Be prepared to discuss your personal medical history, past surgical history, previous hospitalizations, as well as family history. Call close relatives ahead of time to obtain the most thorough family history to help your doctor identify possible disease trends in your family.
Be ready to discuss your social history including tobacco use, alcohol consumption, drug use, exercise, diet, living conditions, and sexual history.
Bring your medication list (including dosages of pills and supplements). This is so important to help your doctor avoid medication interactions. Have a written list of allergies (food, medication, latex, or even IV contrast allergies) ready to share with your doctor.
Come with a list of your previous vaccines and recent preventative testing.

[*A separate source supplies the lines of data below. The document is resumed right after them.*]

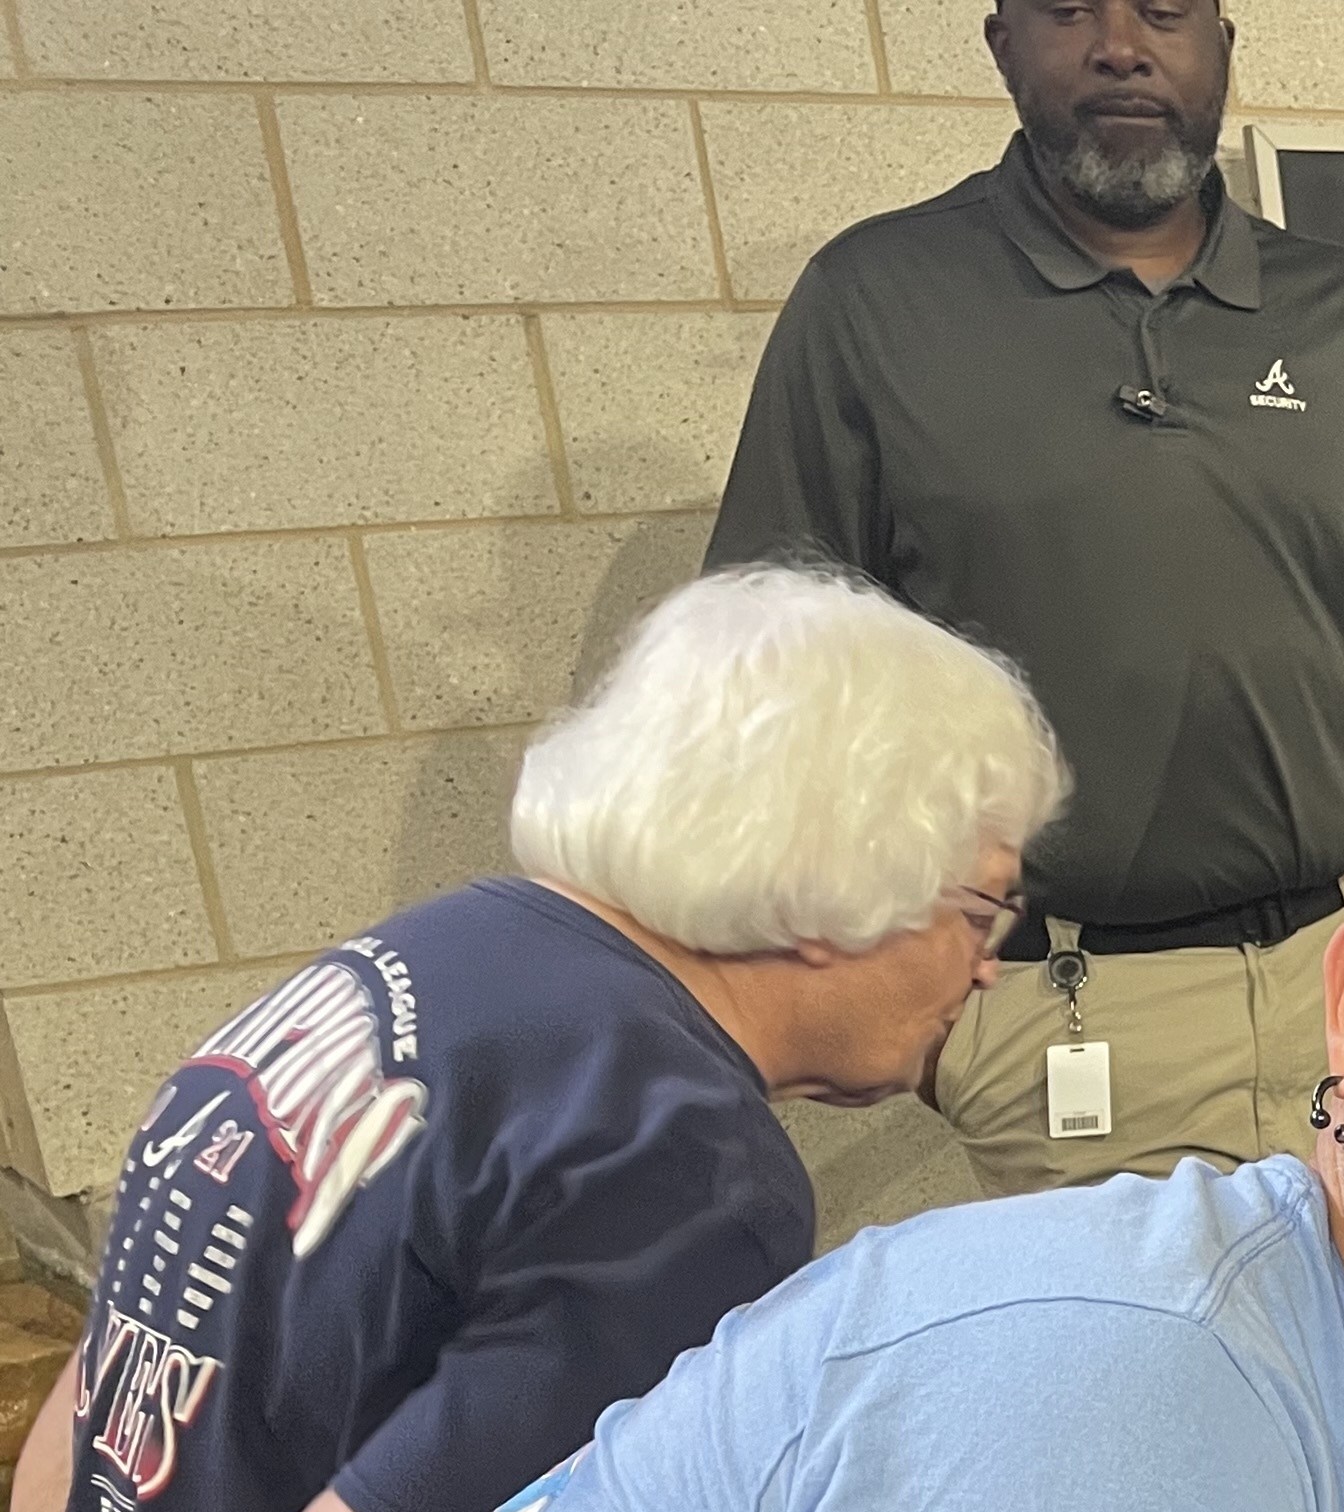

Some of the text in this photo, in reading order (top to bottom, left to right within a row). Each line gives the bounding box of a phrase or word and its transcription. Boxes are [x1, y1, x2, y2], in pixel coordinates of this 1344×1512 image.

[1249, 394, 1306, 412] SECURITY
[374, 950, 419, 1063] LEAGUE
[193, 1119, 254, 1183] 21
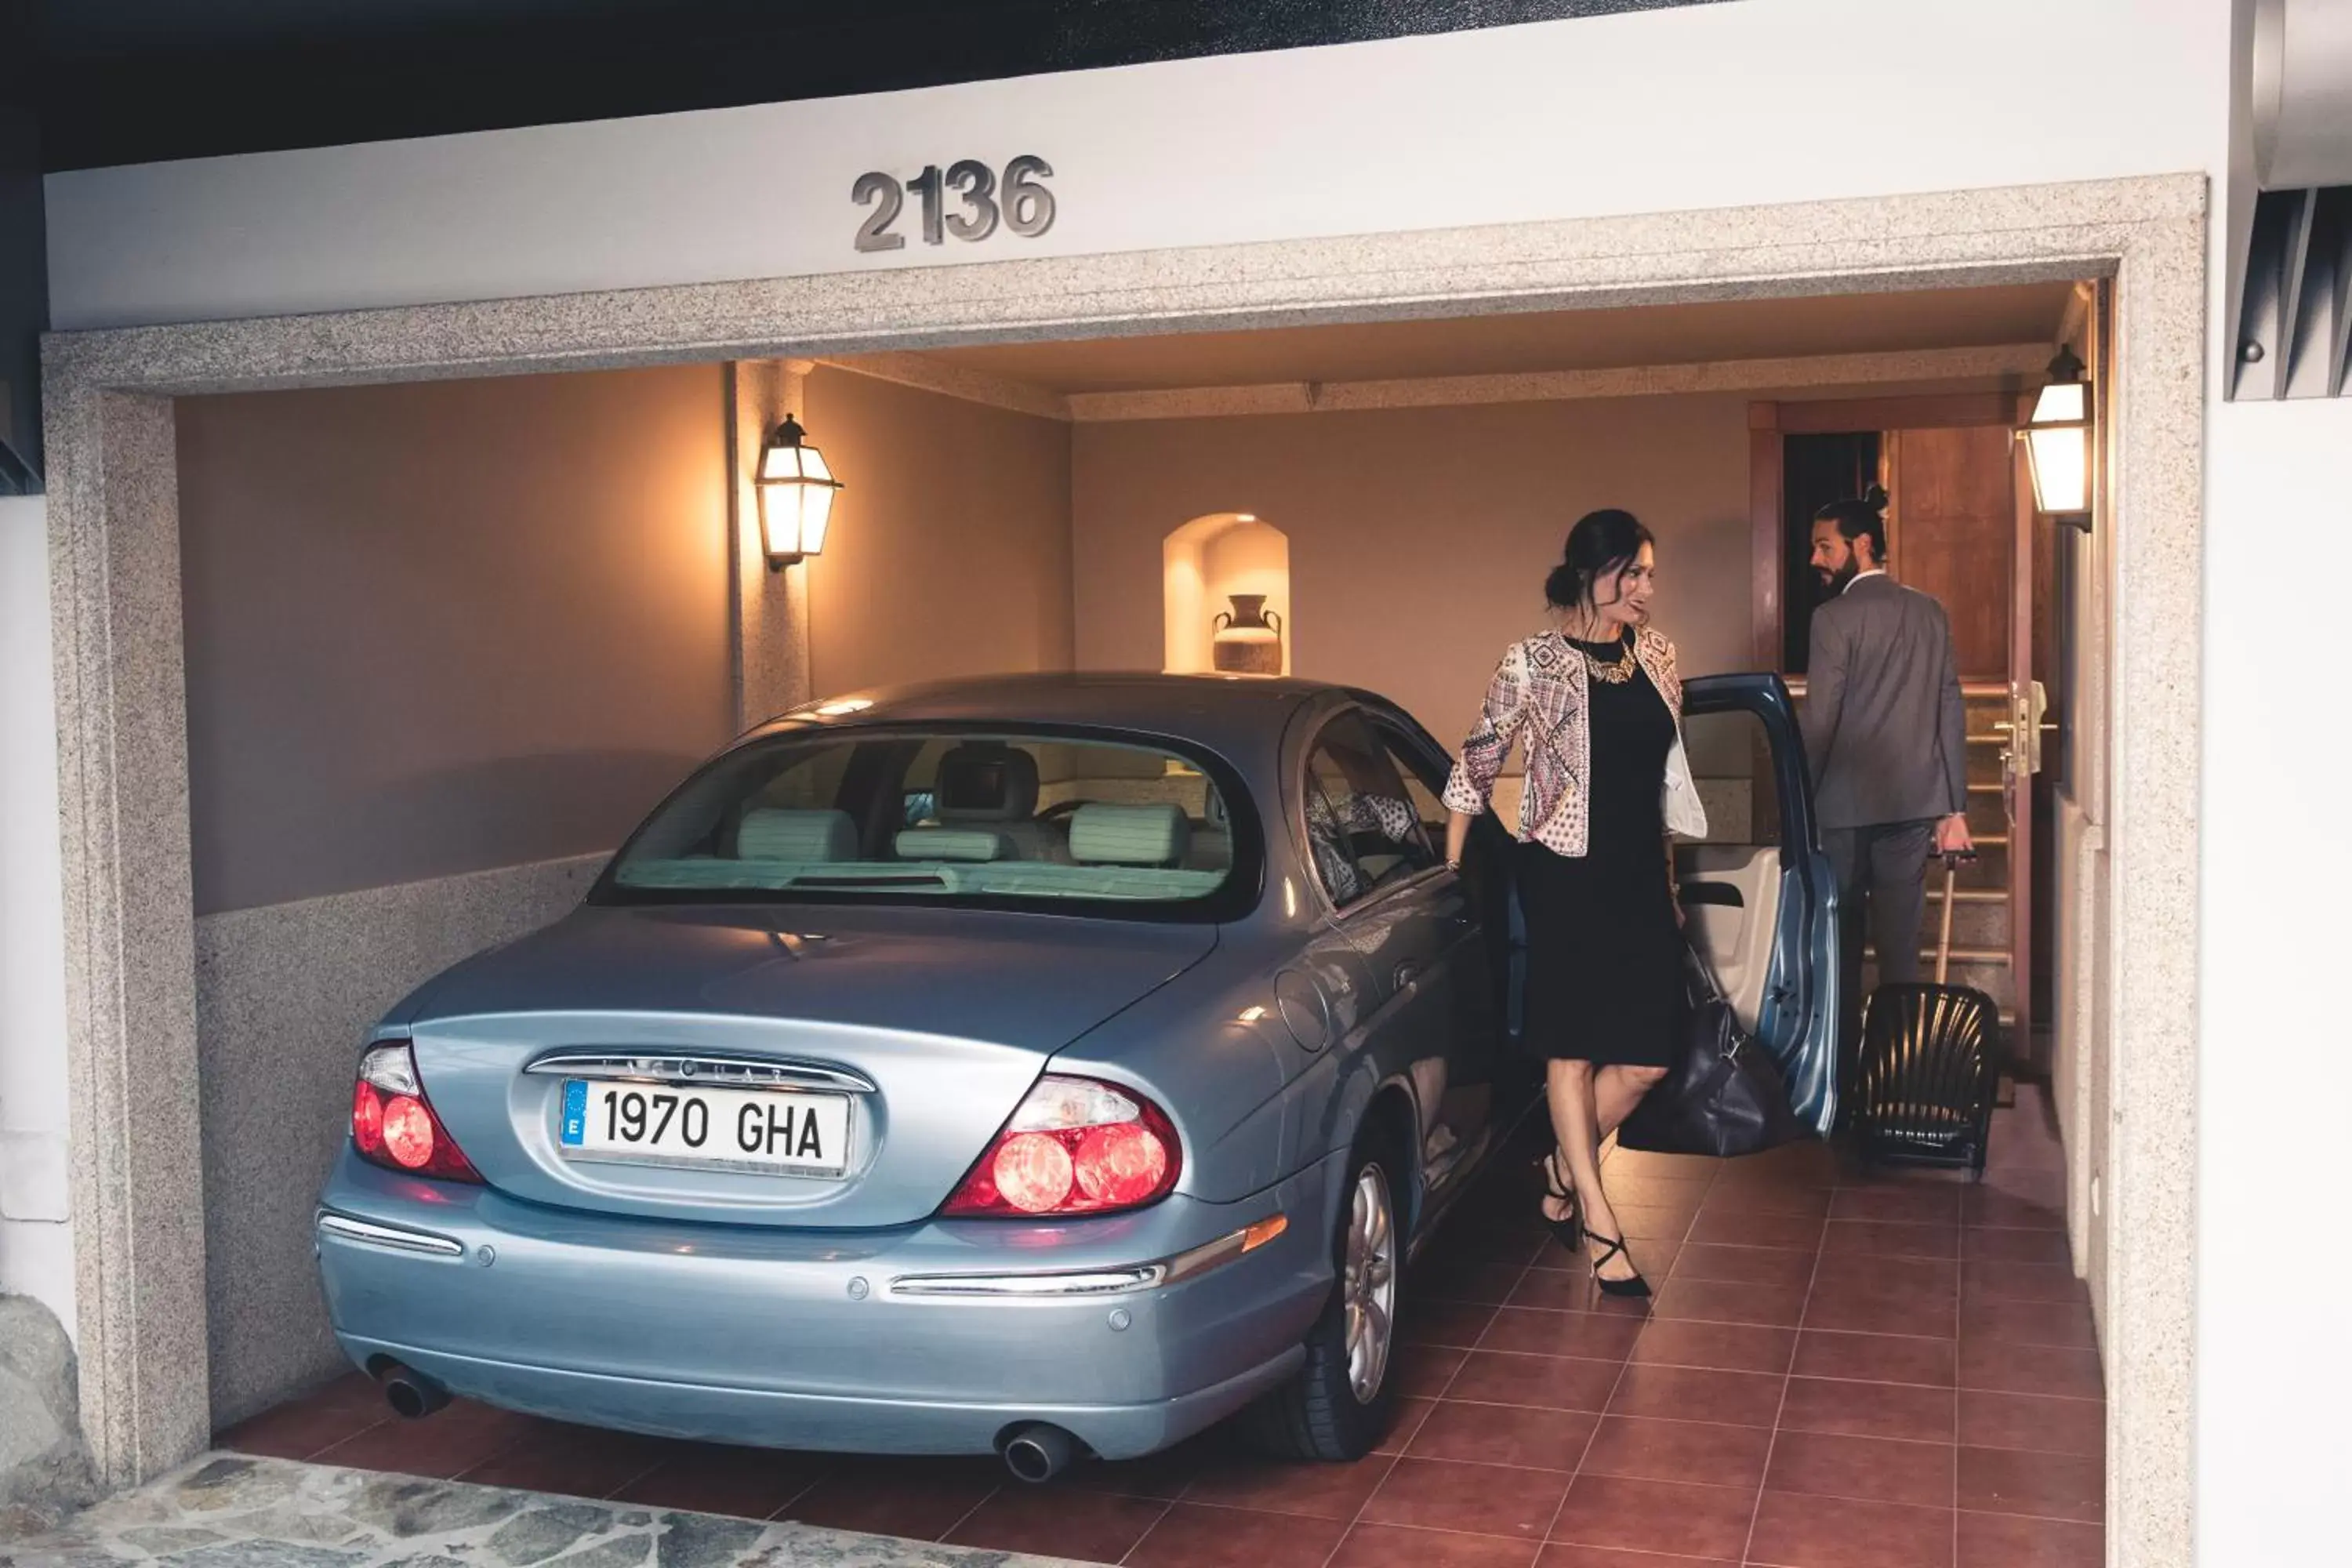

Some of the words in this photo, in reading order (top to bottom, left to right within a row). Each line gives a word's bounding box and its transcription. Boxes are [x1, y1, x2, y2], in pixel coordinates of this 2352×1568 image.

[851, 154, 1056, 252] 2136
[568, 1120, 579, 1134] E
[604, 1091, 709, 1148] 1970
[737, 1102, 822, 1159] GHA
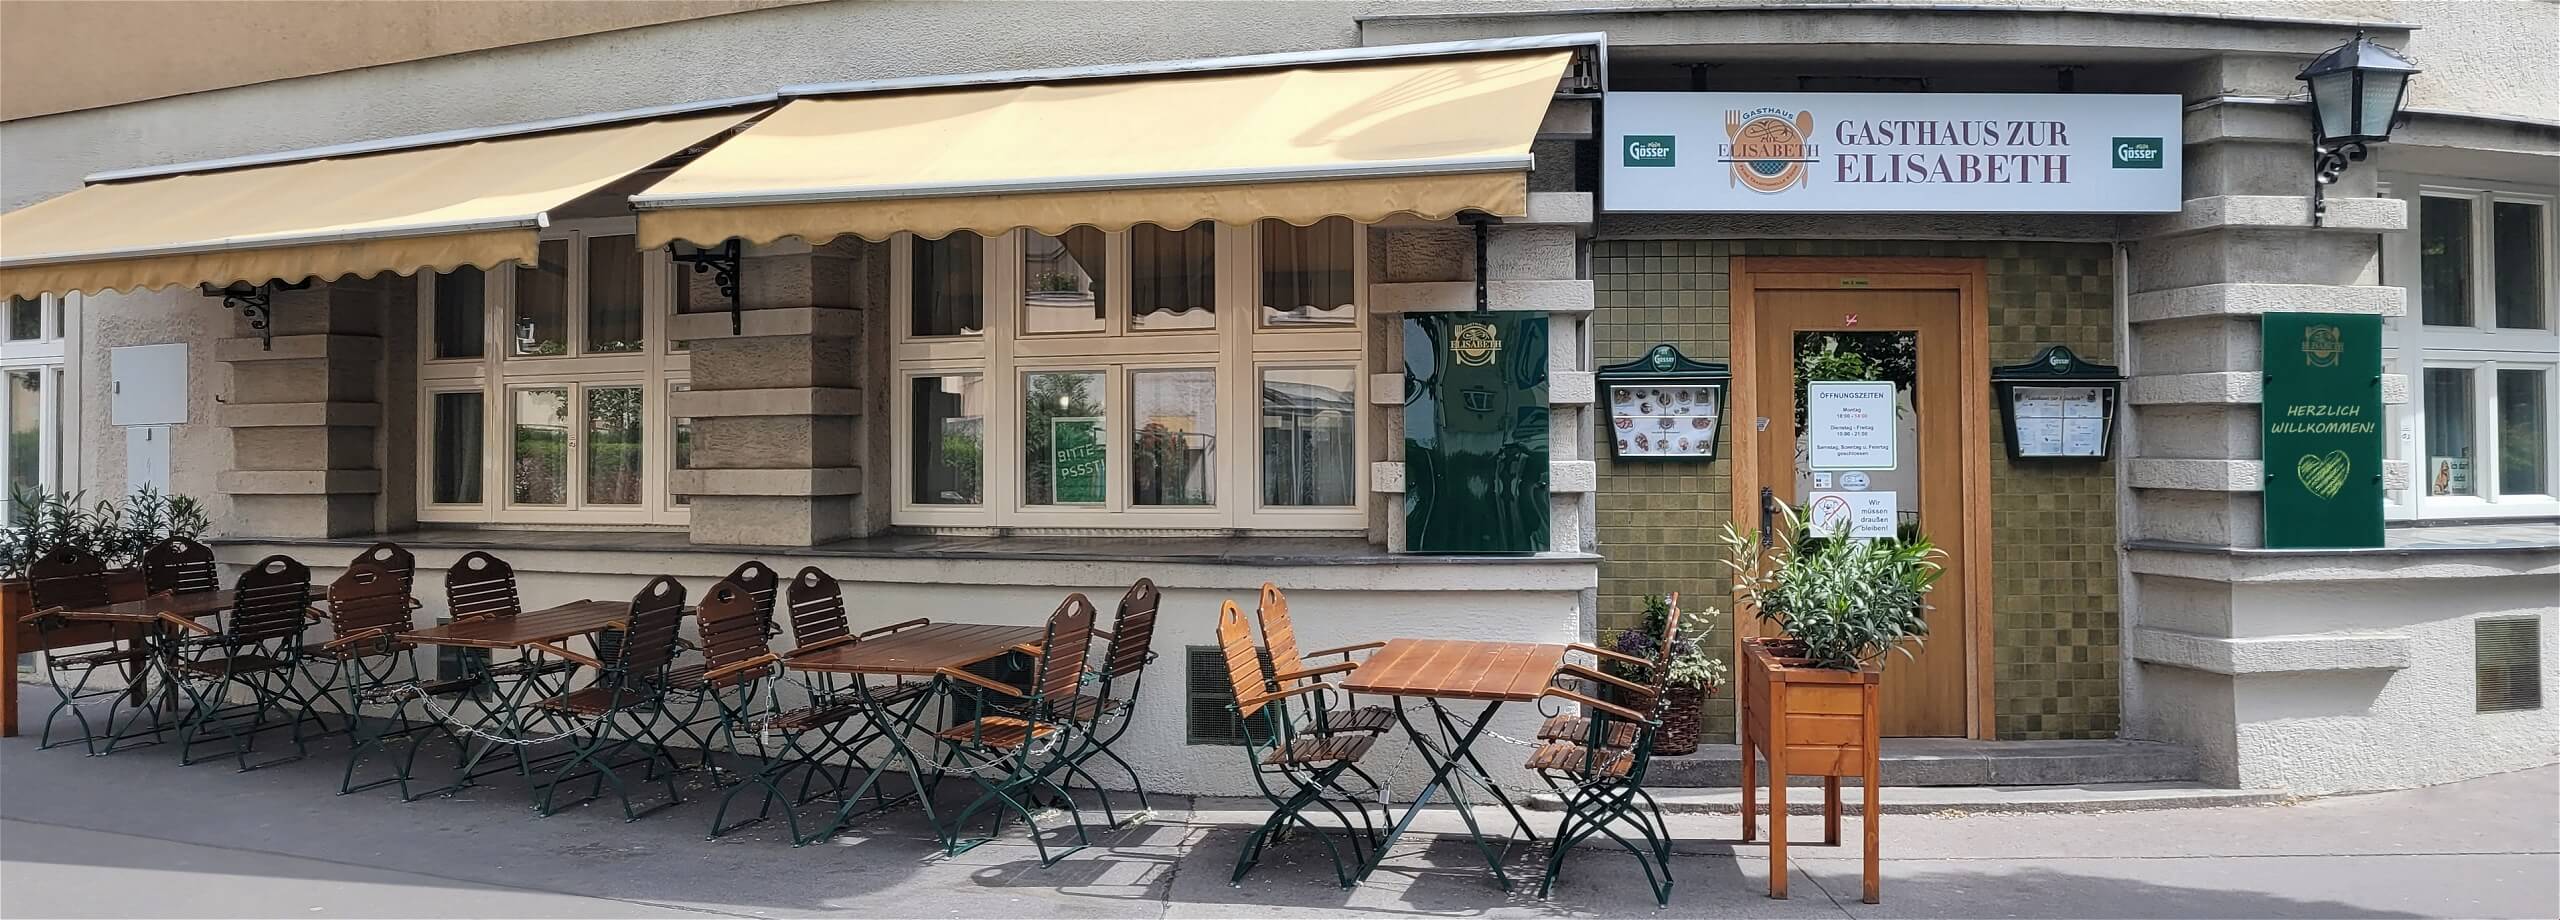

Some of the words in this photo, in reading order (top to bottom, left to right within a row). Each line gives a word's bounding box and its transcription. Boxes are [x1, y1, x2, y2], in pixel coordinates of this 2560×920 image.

[1742, 107, 1794, 119] GASTHAUS
[1835, 119, 2000, 146] GASTHAUS
[2007, 120, 2070, 146] ZUR
[1629, 141, 1670, 160] Gösser
[1718, 143, 1820, 157] ELISABETH
[2118, 143, 2158, 161] Gösser
[1833, 153, 2072, 184] ELISABETH
[1450, 340, 1502, 348] ELISABETH
[1819, 391, 1884, 399] ÖFFNUNGSZEITEN
[2287, 405, 2360, 417] HERZLICH
[2271, 422, 2376, 434] WILLKOMMEN!
[1057, 443, 1095, 463] BITTE

Bring a written list (including date and location) of your most recent mammogram, colonoscopy, DEXA scan, as well as any other imaging studies (echocardiogram, CT scans, MRIs). Bring a list of other doctors you currently see (such as a cardiologist, pulmonologist, ophthalmologist, etc).
Visits for those with a lot of medical conditions can be overwhelming. Consider bringing a family member or a close friend to be a second set of eyes and ears and to ask questions you may not think of.
Good primary care leads to reduced morbidity, reduced mortality, and a better quality of life. A bit of planning before your next doctor’s visit can really help you make the most of your time with your doctor and help your doctor provide the best care possible for you.